Ebû Bekir (r.a), hastalığı şiddetlenince Abdurrahman ibn-i Avf’ı çağırdı ve:
“–Ömer ibnü’l-Hattâb hakkında ne dersin?” diye sordu.
Abdurrahman (r.a):
“–Sen bana öyle bir şey soruyorsun ki, sen onu benden daha iyi bilirsin” diye cevap verdi.
Ebû Bekir (r.a):
“–Öyle de olsa sen yine cevap ver” dedi.
Abdurrahman (r.a):
“–Allah’a yemin ederim ki o, senin düşündüğünden daha fazîletlidir.” dedi.
Sonra Ebû Bekir (r.a), Osman ibn-i Affân’ı huzuruna çağırdı ve:
“–Ömer hakkında ne düşünüyorsun?” dedi.
Osman (r.a):
“–Sen Ömer’i hepimizden daha iyi tanıyorsun!” diye cevap verdi.
Ebû Bekir (r.a):
“–Ey Ebû Abdullah!
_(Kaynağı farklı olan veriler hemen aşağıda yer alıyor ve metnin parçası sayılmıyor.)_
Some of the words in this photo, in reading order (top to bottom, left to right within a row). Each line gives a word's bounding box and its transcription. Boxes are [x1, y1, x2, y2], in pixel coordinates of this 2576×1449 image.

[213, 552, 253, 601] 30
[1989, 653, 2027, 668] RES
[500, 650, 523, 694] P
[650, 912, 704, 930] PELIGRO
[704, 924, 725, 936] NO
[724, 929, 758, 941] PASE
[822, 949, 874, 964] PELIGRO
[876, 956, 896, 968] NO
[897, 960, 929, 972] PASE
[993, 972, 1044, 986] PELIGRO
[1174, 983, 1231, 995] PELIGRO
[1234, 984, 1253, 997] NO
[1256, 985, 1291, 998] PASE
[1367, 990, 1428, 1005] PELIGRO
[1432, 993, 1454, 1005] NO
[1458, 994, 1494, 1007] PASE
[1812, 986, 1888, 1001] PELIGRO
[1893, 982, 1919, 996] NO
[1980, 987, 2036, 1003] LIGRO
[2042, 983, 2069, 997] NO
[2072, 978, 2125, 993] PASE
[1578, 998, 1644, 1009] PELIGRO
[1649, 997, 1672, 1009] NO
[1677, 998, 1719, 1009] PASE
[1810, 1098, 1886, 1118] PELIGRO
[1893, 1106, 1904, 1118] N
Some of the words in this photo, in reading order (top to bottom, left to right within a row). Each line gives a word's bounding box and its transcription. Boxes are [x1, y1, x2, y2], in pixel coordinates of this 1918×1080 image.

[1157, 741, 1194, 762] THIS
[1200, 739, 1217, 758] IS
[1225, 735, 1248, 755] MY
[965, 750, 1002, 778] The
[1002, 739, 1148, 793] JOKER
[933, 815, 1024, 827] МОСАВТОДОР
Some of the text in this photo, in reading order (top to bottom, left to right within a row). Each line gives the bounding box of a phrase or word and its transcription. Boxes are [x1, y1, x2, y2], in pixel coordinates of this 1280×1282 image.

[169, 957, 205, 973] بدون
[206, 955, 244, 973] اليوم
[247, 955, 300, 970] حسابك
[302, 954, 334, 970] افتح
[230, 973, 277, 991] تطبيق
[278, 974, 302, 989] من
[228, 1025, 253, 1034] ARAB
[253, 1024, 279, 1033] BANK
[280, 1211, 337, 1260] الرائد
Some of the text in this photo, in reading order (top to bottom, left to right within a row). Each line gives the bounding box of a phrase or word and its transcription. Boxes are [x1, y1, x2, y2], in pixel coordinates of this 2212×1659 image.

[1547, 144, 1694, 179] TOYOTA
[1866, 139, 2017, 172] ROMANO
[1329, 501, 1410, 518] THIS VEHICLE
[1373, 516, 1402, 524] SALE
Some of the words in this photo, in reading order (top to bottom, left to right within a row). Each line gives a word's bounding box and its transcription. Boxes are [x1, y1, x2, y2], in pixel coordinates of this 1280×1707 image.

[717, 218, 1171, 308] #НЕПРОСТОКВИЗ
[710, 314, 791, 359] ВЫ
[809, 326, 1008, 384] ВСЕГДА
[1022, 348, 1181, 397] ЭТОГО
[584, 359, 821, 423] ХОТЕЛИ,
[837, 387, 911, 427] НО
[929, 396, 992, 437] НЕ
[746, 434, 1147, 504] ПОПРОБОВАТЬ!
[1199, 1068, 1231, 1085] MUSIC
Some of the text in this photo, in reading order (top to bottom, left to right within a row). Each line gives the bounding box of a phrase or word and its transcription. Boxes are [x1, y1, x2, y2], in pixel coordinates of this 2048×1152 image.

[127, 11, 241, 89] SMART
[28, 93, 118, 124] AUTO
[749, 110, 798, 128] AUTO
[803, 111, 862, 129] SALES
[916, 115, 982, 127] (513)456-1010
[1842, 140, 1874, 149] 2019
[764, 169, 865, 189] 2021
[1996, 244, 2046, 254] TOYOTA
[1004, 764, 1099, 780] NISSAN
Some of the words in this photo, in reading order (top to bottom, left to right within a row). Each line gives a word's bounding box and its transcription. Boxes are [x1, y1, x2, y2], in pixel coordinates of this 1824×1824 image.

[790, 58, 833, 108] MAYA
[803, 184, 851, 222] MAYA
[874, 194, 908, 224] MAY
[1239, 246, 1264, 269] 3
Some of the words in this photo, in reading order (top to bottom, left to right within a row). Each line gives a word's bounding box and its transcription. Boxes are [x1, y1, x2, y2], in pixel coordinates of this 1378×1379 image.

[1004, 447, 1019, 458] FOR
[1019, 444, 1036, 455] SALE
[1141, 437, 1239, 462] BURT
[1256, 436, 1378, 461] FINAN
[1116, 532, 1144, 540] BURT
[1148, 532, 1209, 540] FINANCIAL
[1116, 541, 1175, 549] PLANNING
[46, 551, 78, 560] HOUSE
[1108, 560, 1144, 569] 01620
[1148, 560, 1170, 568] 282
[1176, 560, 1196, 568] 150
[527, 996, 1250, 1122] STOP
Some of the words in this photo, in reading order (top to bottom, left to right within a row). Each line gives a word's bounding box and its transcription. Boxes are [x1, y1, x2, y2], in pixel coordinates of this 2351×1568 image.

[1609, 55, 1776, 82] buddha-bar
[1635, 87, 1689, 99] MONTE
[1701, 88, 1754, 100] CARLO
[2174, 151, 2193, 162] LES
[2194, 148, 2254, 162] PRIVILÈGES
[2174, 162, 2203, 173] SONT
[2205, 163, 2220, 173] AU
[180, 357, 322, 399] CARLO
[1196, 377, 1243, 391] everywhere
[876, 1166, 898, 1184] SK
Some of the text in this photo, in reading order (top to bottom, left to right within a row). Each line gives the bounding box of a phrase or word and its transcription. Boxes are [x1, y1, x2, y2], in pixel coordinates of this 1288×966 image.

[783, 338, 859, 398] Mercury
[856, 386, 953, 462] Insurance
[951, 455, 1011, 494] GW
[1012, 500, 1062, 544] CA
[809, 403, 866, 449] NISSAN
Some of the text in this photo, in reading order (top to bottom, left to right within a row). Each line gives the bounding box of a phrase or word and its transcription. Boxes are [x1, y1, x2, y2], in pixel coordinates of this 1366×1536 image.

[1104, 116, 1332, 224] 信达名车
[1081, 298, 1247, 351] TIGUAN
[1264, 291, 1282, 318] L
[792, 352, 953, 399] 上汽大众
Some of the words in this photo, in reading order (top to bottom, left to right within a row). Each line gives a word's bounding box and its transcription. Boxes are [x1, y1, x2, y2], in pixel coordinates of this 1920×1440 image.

Buna rağmen fikrini söyle!” dedi.
Osman (r.a):
“–Vallahi onun hakkında bildiğim, içinin dışından daha hayırlı olduğudur. İçimizde onun gibisi yoktur!” dedi.
Ebû Bekir (r.a), ashaptan diğer insanlarla da istişare etti ve Hz. Ömer’i kendisinden sonra hilâfete aday gösterdi, onun halîfe olmasını tavsiye etti. (İbn-i Sa’d, III, 199-200)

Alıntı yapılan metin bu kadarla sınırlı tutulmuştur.